PROBLEM TO SOLVE: Set down all of the records below exactly, please, omitting the images.

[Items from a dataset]
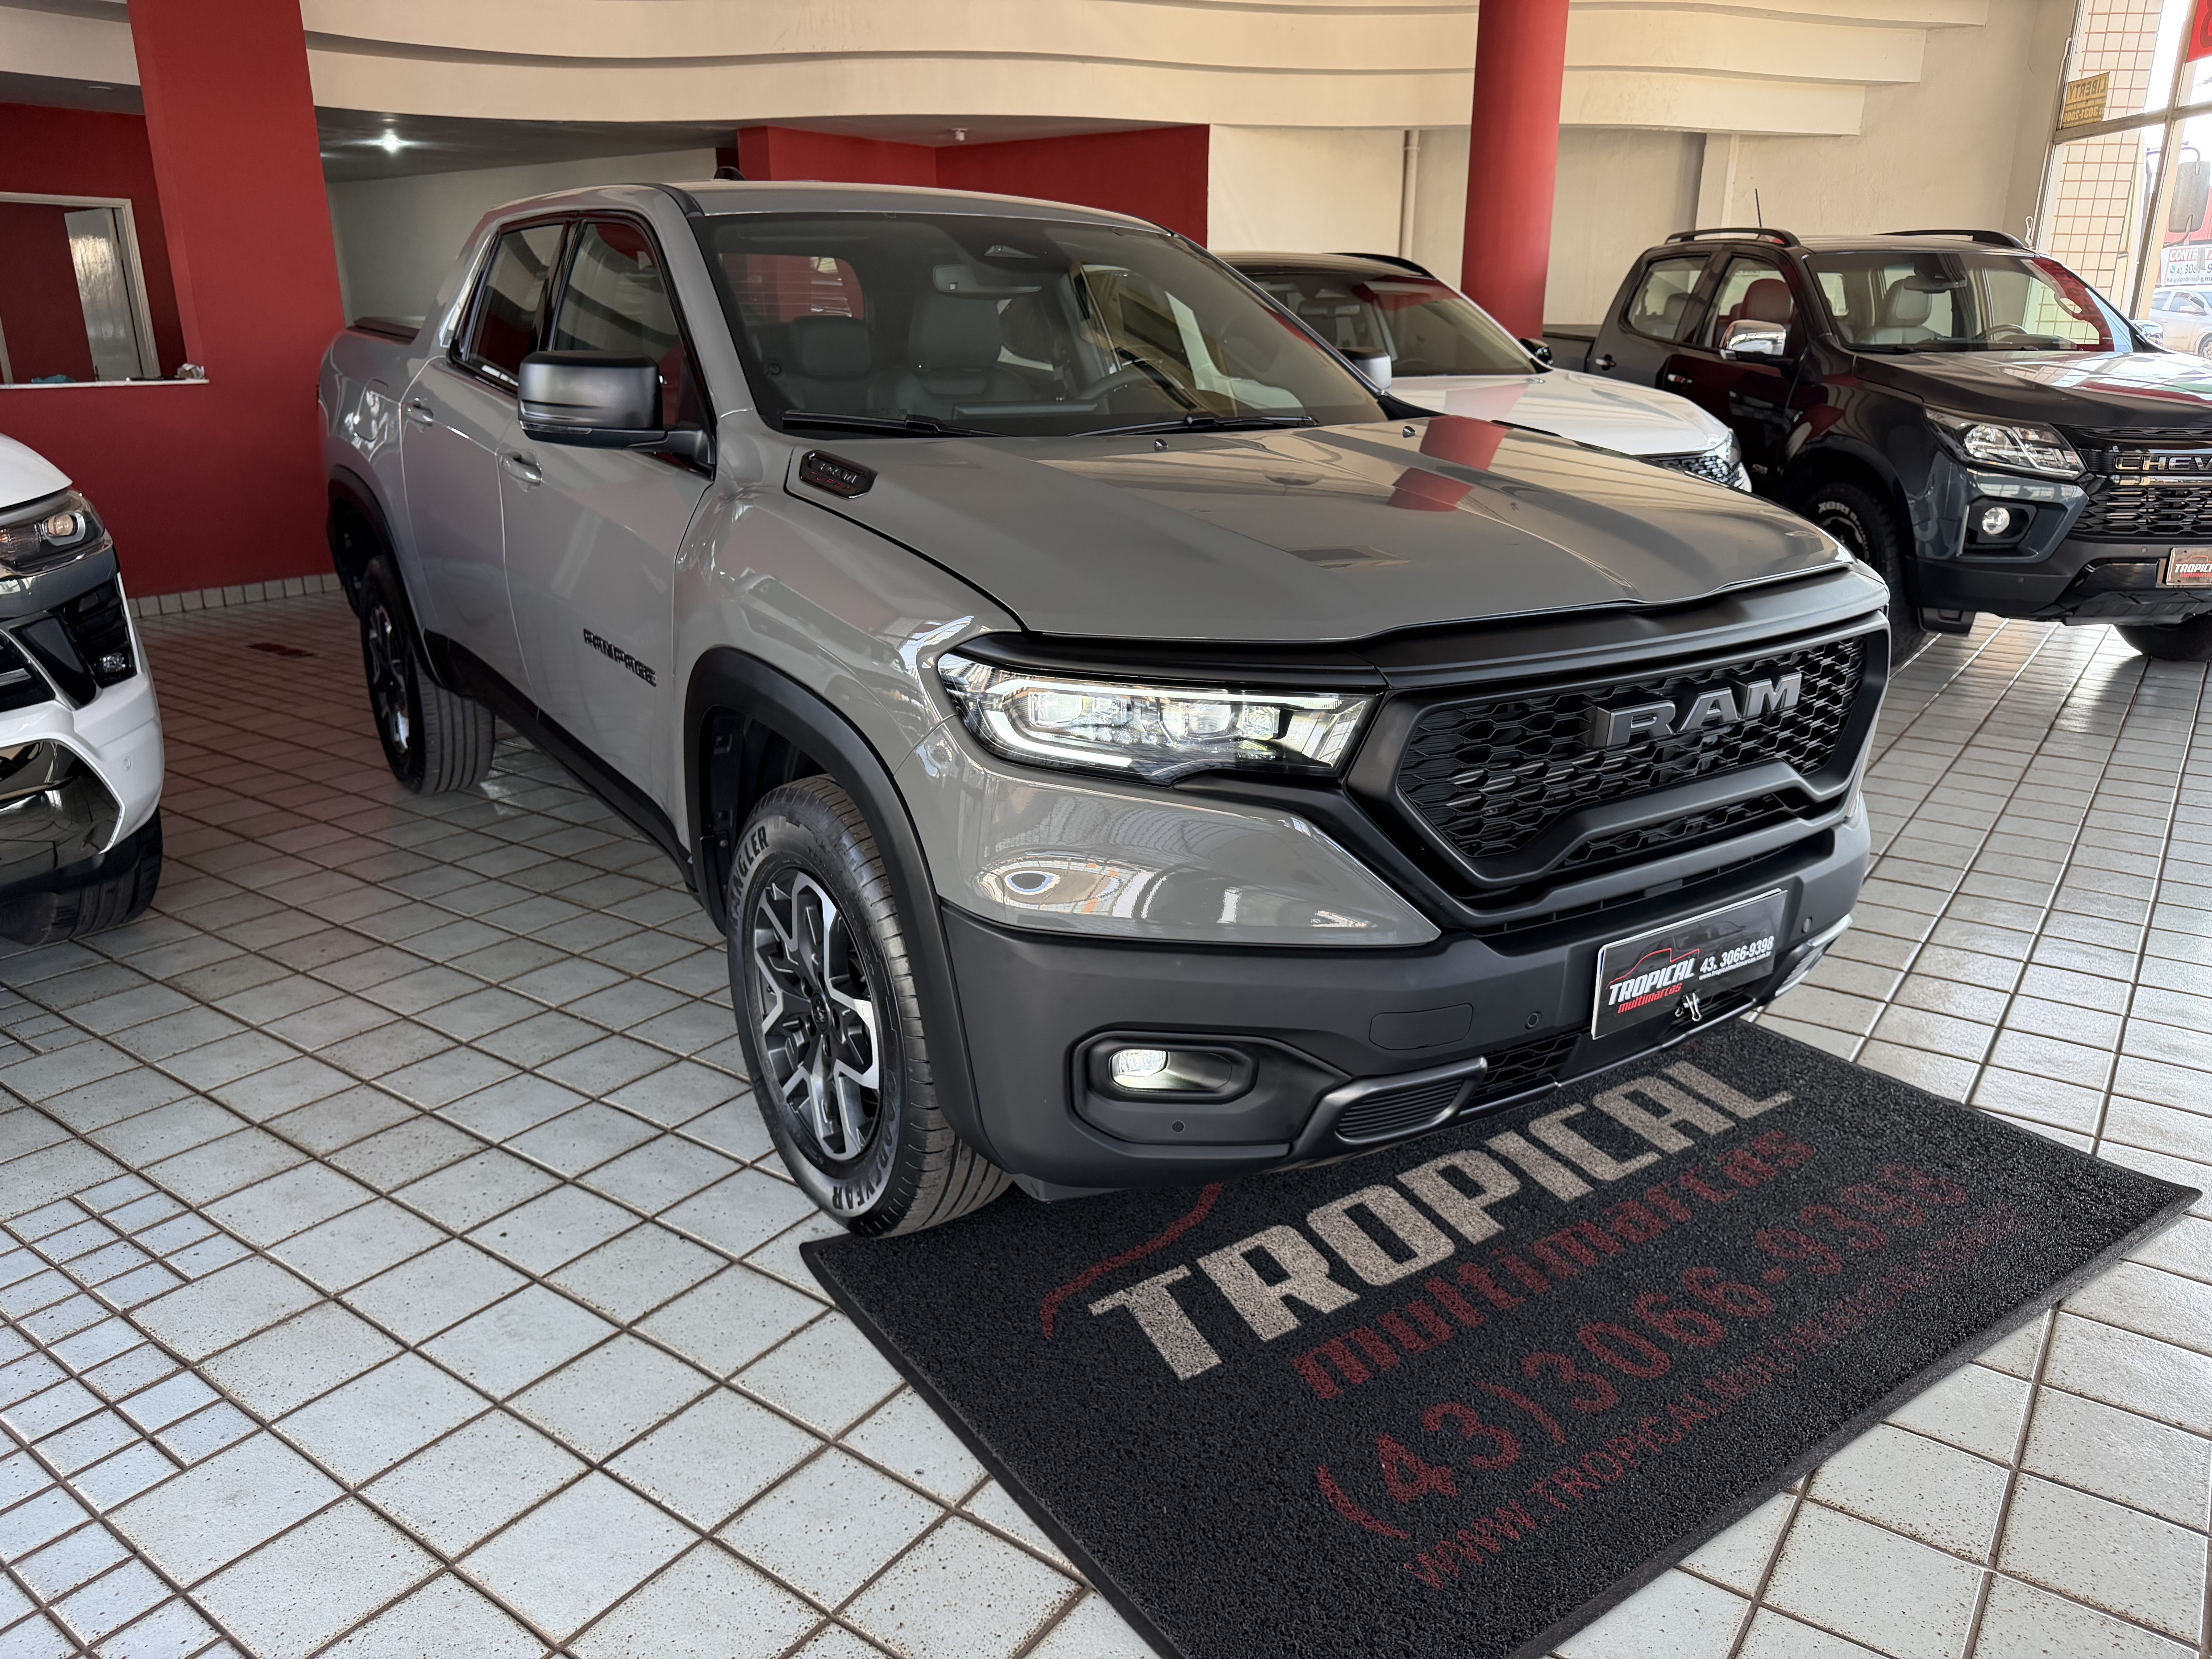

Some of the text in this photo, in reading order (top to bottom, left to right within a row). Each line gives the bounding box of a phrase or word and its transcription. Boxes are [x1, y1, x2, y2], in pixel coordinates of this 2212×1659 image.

[583, 628, 657, 687] RAMPAGE
[1594, 669, 1803, 747] RAM
[1608, 957, 1696, 1006] TROPICAL
[1700, 935, 1775, 973] 43. 3066-9398
[1617, 982, 1683, 1014] multimarcas
[1088, 1060, 1795, 1382] TROPICAL
[1291, 1128, 1815, 1401] multimarcas
[1316, 1163, 1968, 1540] (43)3066-9398
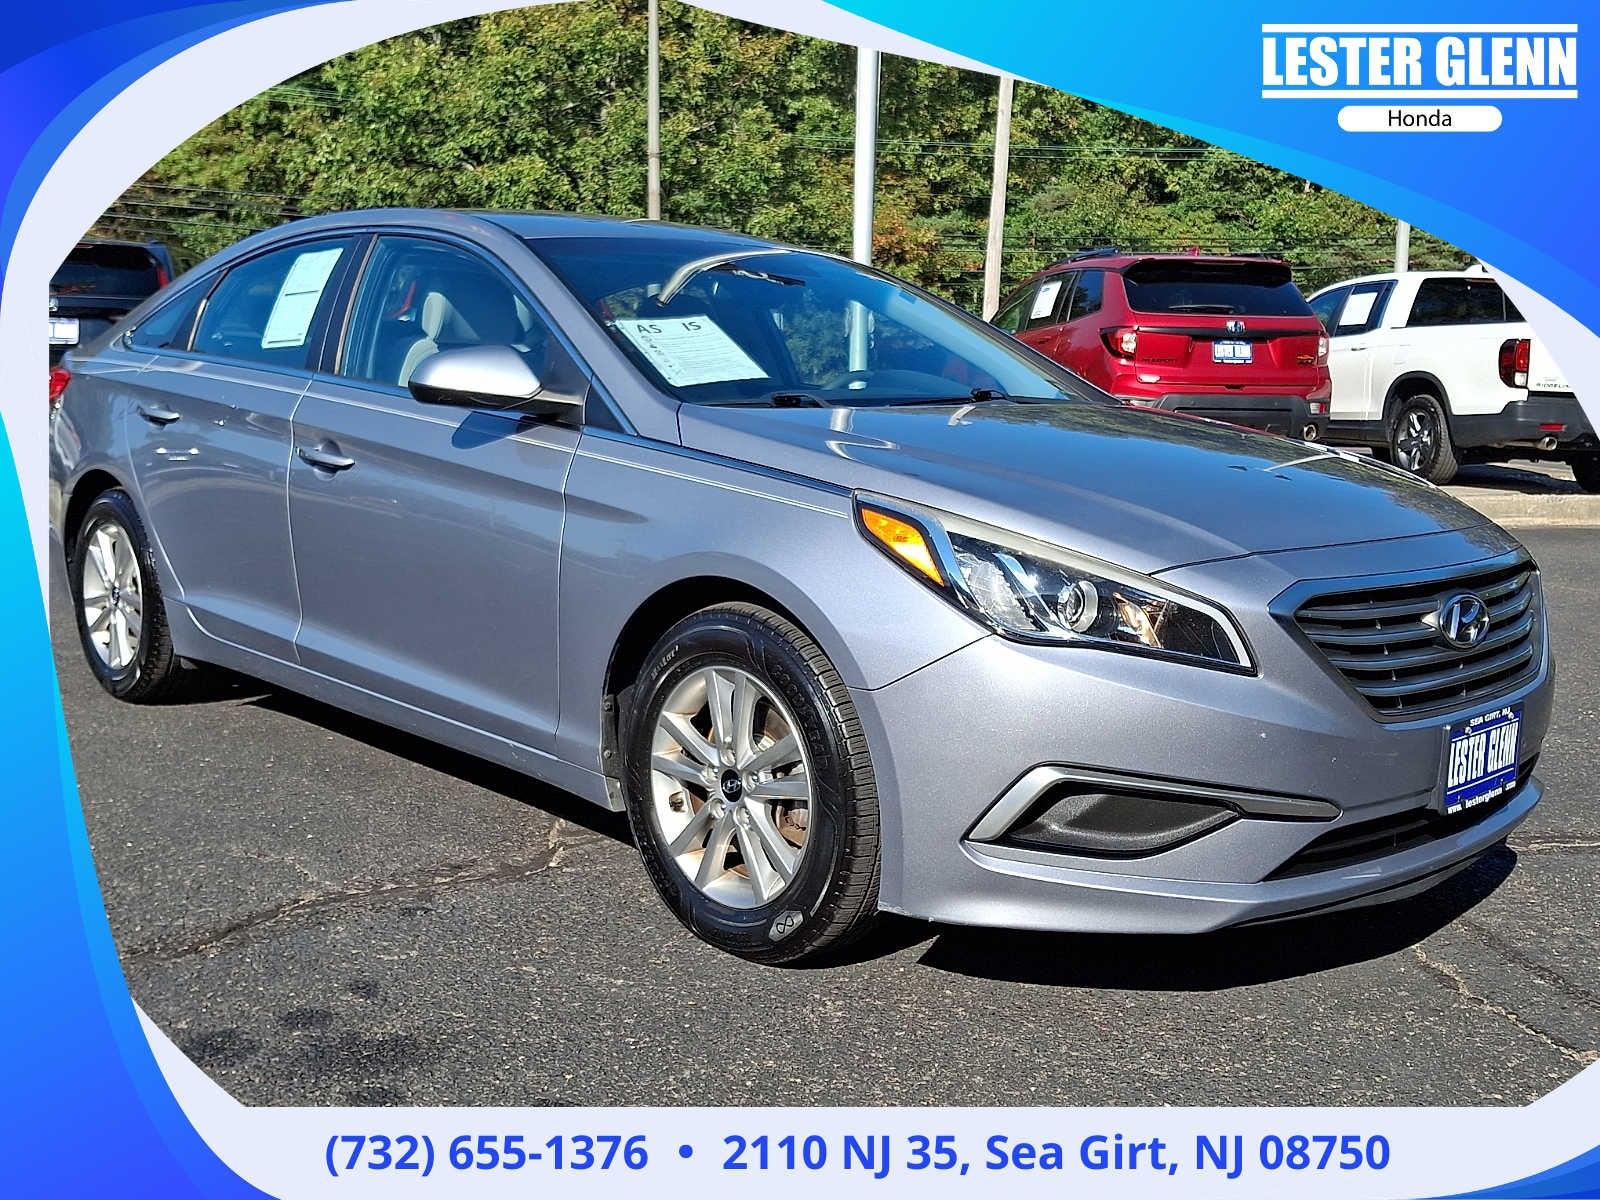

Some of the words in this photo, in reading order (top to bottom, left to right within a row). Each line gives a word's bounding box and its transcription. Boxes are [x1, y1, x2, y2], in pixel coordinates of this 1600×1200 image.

[636, 323, 662, 334] AS
[681, 321, 702, 331] IS
[1470, 716, 1483, 726] SEA
[1447, 732, 1487, 788] LESTER
[1487, 721, 1519, 774] GLENN
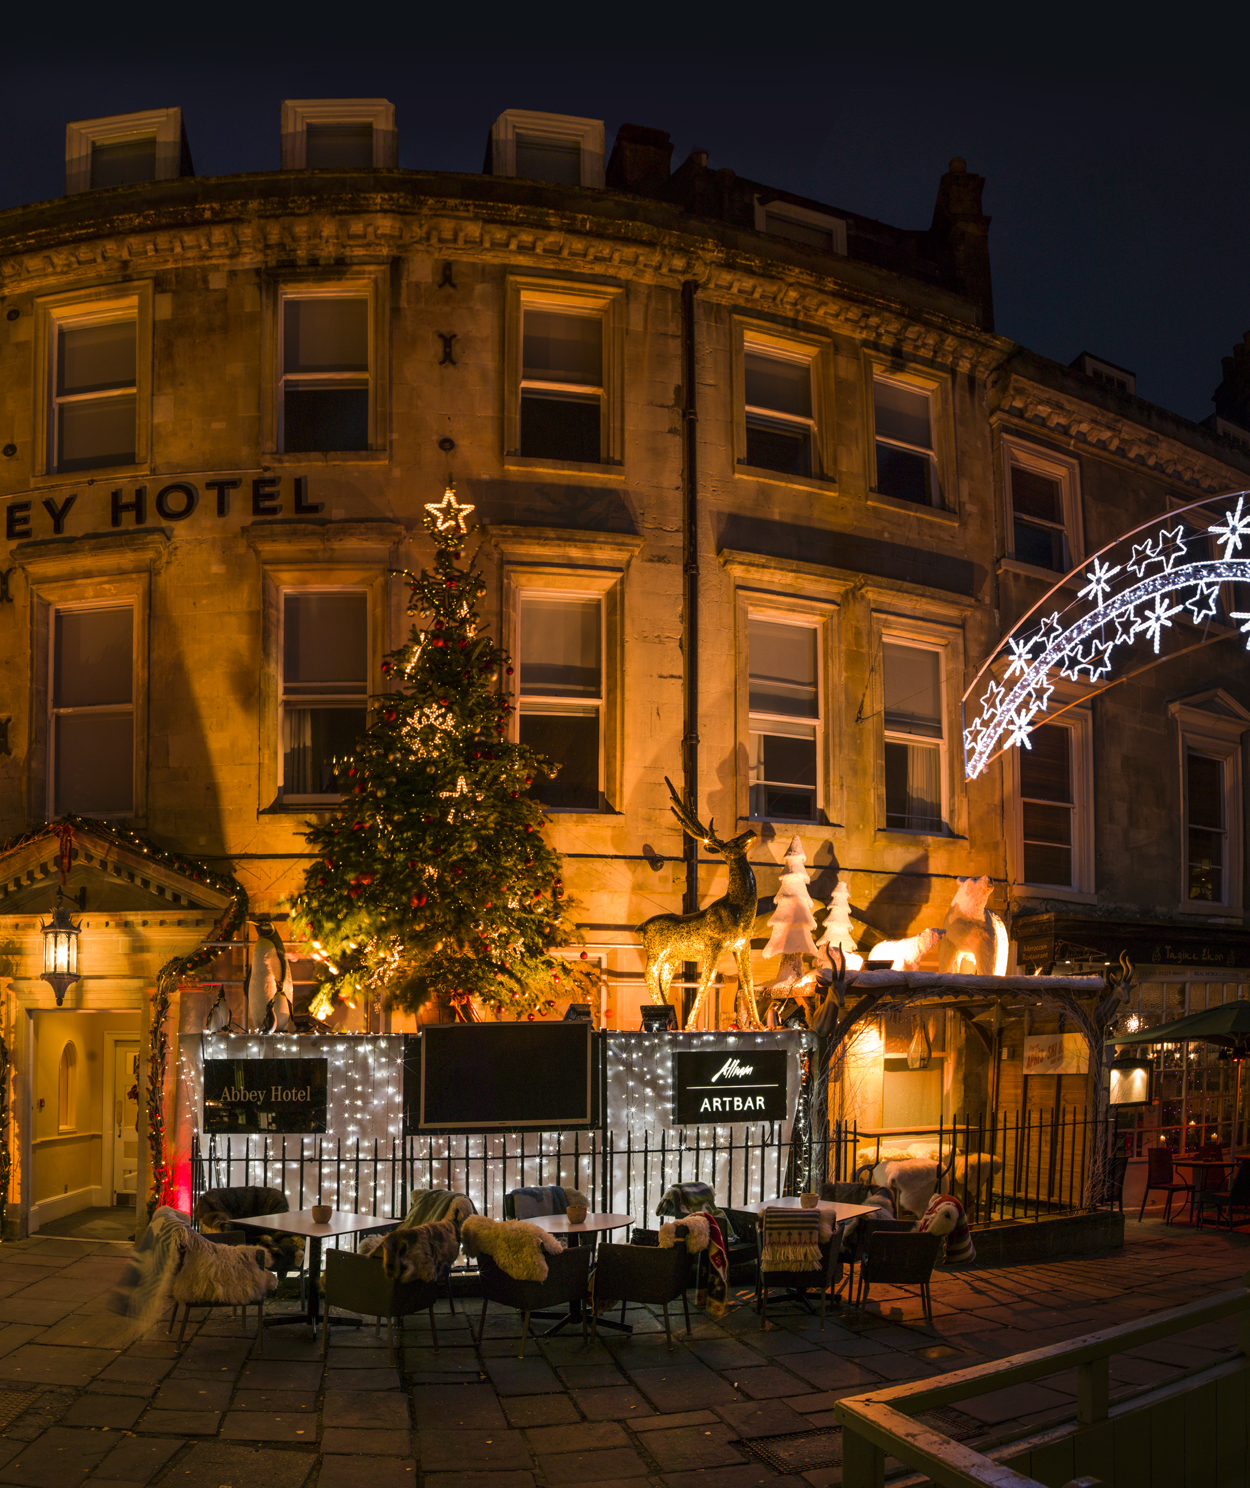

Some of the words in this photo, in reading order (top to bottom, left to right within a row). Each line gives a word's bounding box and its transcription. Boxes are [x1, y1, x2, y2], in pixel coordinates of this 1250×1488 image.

[111, 475, 324, 528] HOTEL
[1164, 945, 1199, 964] Tagine
[220, 1086, 267, 1105] Abbey
[270, 1086, 311, 1102] Hotel
[700, 1096, 765, 1113] ARTBAR

WRITTEN ANSWER:
Some of the text in this photo, in reading order (top to bottom, left to right within a row). Each line gives the bounding box of a phrase or word and its transcription. Boxes are [x1, y1, x2, y2], in pixel coordinates of this 2212×1659 image.

[583, 628, 657, 687] RAMPAGE
[1594, 669, 1803, 747] RAM
[1608, 957, 1696, 1006] TROPICAL
[1700, 935, 1775, 973] 43. 3066-9398
[1617, 982, 1683, 1014] multimarcas
[1088, 1060, 1795, 1382] TROPICAL
[1291, 1128, 1815, 1401] multimarcas
[1316, 1163, 1968, 1540] (43)3066-9398

Some of the words in this photo, in reading order (top to bottom, left to right within a row). Each line gives a word's bounding box and its transcription. Boxes are [x1, y1, x2, y2], in pixel coordinates of this 1600×1200 image.

[636, 323, 662, 334] AS
[681, 321, 702, 331] IS
[1470, 716, 1483, 726] SEA
[1447, 732, 1487, 788] LESTER
[1487, 721, 1519, 774] GLENN

Some of the words in this photo, in reading order (top to bottom, left to right within a row). Each line gives a word's bounding box and its transcription. Boxes are [x1, y1, x2, y2], in pixel coordinates of this 1250×1488 image.

[111, 475, 324, 528] HOTEL
[1164, 945, 1199, 964] Tagine
[220, 1086, 267, 1105] Abbey
[270, 1086, 311, 1102] Hotel
[700, 1096, 765, 1113] ARTBAR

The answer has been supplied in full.